擁壁のある土地は売却前に確認すべきポイント|横浜市で多いトラブルと対策を解説
横浜市内には坂道や高低差のある住宅地が数多く存在します。
神奈川区、港北区、青葉区、戸塚区、保土ケ谷区、磯子区、金沢区などでは、道路と敷地に高低差があり、擁壁(ようへき)が設置されている土地をよく見かけます。
不動産の売却相談でも、
- 擁壁が古いけど売れるの?
- 建て替えはできる?
- 検査済証がないと言われた
- 買主から擁壁を指摘された
といったご相談をいただくことがあります。
今回は、擁壁のある土地を売却する前に確認しておきたいポイントについて解説します。
擁壁とは?
擁壁とは、土地の高低差によって土砂が崩れるのを防ぐために設置された構造物のことです。
例えば、
- 道路より土地が高い
- 道路より土地が低い
- 隣地との高低差がある
このような土地では擁壁が設置されているケースがあります。
横浜市は丘陵地が多く、住宅地造成時に擁壁が造られた土地が数多く存在しています。
擁壁があると売却できないの?
結論から言うと、擁壁があるから売れないわけではありません。
実際に横浜市内でも擁壁付きの土地や戸建ては日常的に売買されています。
ただし、
- 擁壁の状態
- 法令への適合状況
- 建て替え時の制限
によっては価格や売却期間に影響することがあります。

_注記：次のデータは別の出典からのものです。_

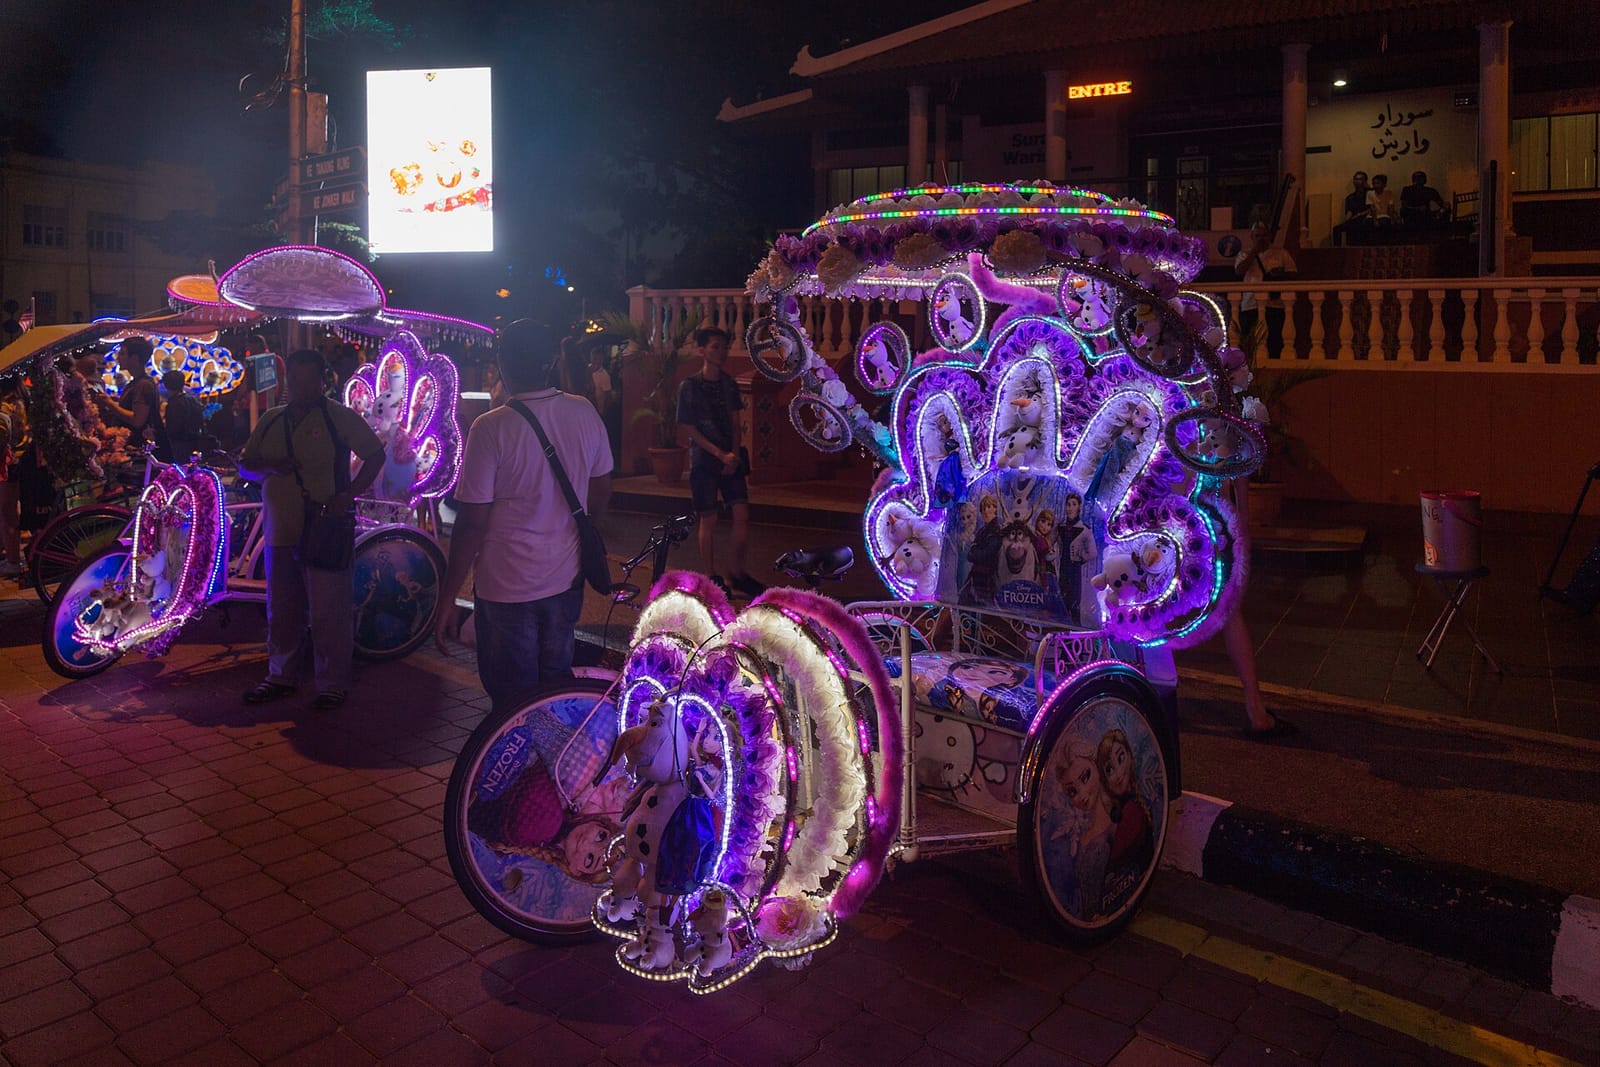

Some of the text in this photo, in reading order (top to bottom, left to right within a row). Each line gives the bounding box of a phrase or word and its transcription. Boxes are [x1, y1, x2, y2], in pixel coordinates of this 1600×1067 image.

[1067, 80, 1133, 99] ENTRE
[1011, 132, 1046, 148] Sur
[1003, 589, 1045, 605] FROZEN
[481, 731, 527, 793] FROZEN
[1102, 870, 1136, 912] FROZEN
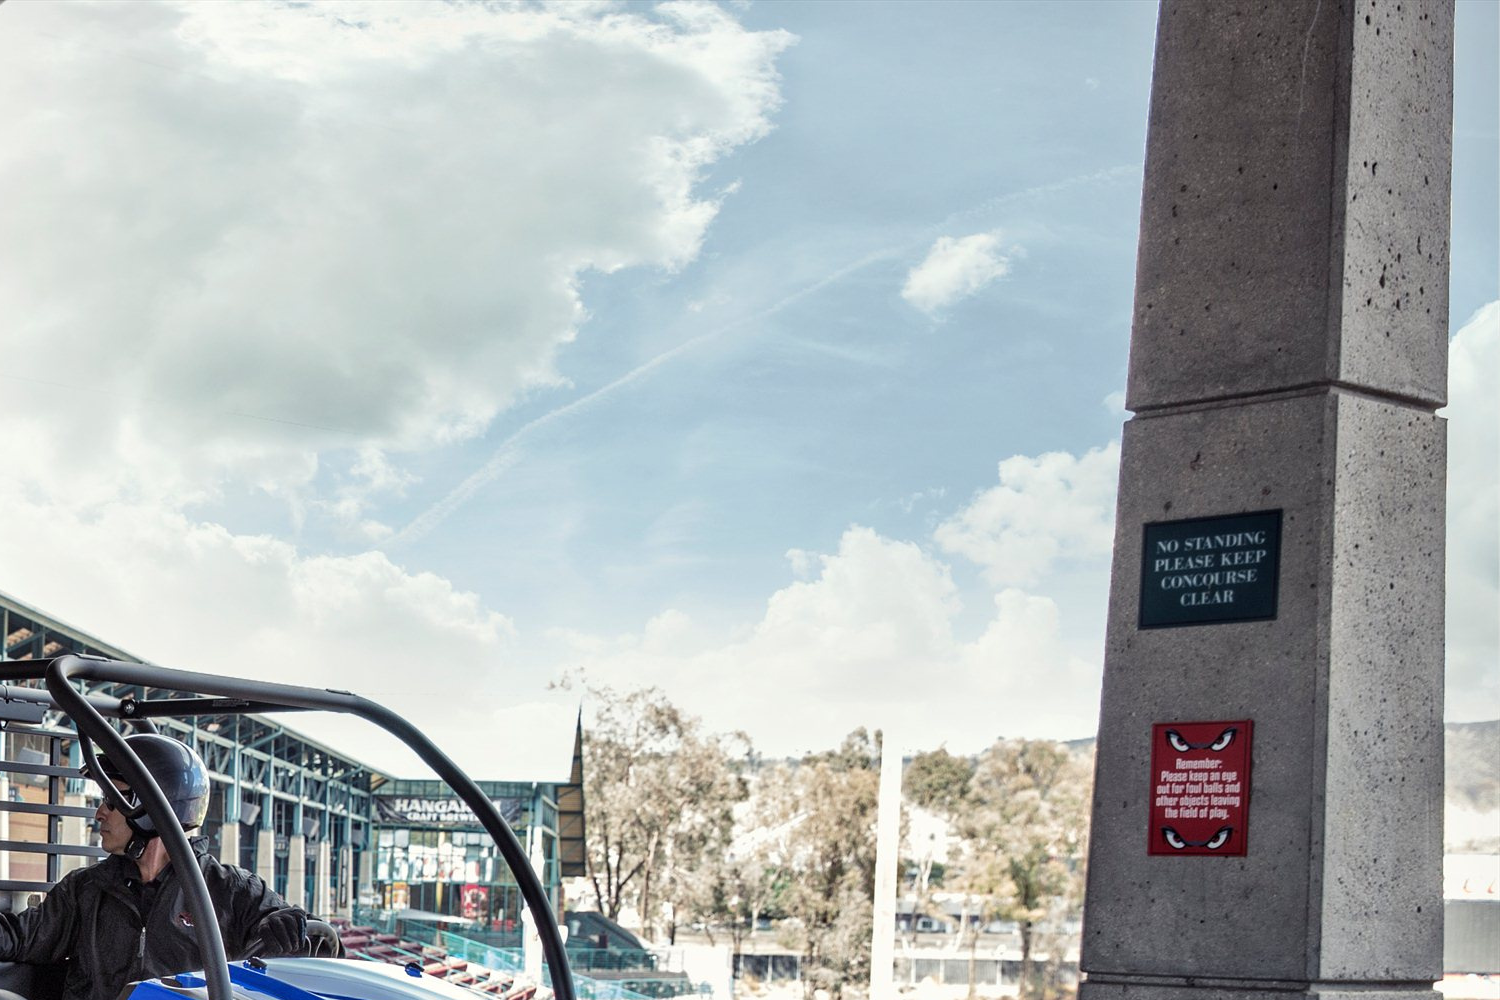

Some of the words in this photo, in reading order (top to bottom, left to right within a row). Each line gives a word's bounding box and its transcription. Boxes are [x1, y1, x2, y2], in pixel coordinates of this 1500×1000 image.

[1156, 540, 1179, 554] NO
[1184, 531, 1266, 551] STANDING
[1154, 554, 1215, 572] PLEASE
[1221, 549, 1267, 566] KEEP
[1161, 569, 1257, 589] CONCOURSE
[1180, 590, 1234, 607] CLEAR
[1175, 758, 1223, 769] Remember:
[1161, 771, 1187, 782] Please
[1189, 770, 1208, 783] keep
[1210, 772, 1220, 781] an
[1221, 771, 1237, 783] eye
[1156, 783, 1170, 794] out
[1171, 783, 1185, 794] for
[1186, 782, 1202, 793] foul
[1203, 782, 1223, 793] balls
[1225, 782, 1240, 793] and
[1156, 795, 1178, 806] other
[1179, 794, 1209, 807] objects
[1210, 794, 1240, 807] leaving
[1165, 807, 1178, 818] the
[1180, 807, 1198, 818] field
[1199, 807, 1208, 818] of

そのため事前調査が重要になります。
確認ポイント① 検査済証の有無
最初に確認したいのが「検査済証」の有無です。
検査済証とは、擁壁工事完了後に行政による検査を受け、適法に施工されたことを証明する書類です。
特に比較的新しい擁壁の場合は、
- 宅地造成許可
- 完了検査
- 検査済証
が揃っているかを確認しましょう。
確認ポイント② 擁壁の劣化状況
古い擁壁では以下の症状がないか確認が必要です。
クラック(ひび割れ)
大きなひび割れは構造上の問題が疑われます。
膨らみ
擁壁が前方へ膨らんでいる場合は危険な状態の可能性があります。
排水不良
水抜き穴が機能していないと擁壁へ大きな負荷がかかります。
傾き
擁壁が傾いている場合は専門家による調査が必要です。
買主が住宅ローンを利用する場合、擁壁の状態が融資審査に影響することもあります。
確認ポイント③ がけ条例の対象か
横浜市では高低差のある土地で「がけ条例」が関係するケースがあります。
正式には神奈川県建築基準条例に基づく規制です。
土地と擁壁の状況によっては、
- 建物を後退させる必要がある
- 建築面積が制限される
- 建て替え時に追加工事が必要になる
場合があります。
確認ポイント④ 建て替え時の制限
現在建物が建っていても、建て替え時には新しい法令が適用されます。
- 擁壁の再施工が必要
- 補強工事が必要
- 新築計画に制限が出る
ケースがあります。
特に昭和期に造成された住宅地では注意が必要です。
確認ポイント⑤ 宅地造成規制との関係
近年は宅地造成等規制法の改正により、造成地に対する安全基準が厳しくなっています。
横浜市内でも造成履歴や擁壁の状況によっては追加調査が必要となる場合があります。
横浜市の不動産は「建築目線」での確認が重要
擁壁のある土地は単純な査定だけでは判断できません。
- 建て替えが可能か
- がけ条例の対象か
- 擁壁に問題がないか
- 将来的な建築計画に支障がないか
という建築的な視点が重要です。
不動産の価格だけでなく、建築上のリスクまで把握することで適正な売却価格や販売方法を判断できます。
まとめ
擁壁のある土地は横浜市では珍しいものではありません。
しかし、
- 検査済証の有無
- 擁壁の状態
- がけ条例
- 建て替え制限
- 宅地造成規制
を事前に確認することで、売却時のトラブルを防ぐことができます。
擁壁のある土地や高低差のある土地の売却をご検討中の方は、価格査定だけでなく建築面からの調査もおすすめします。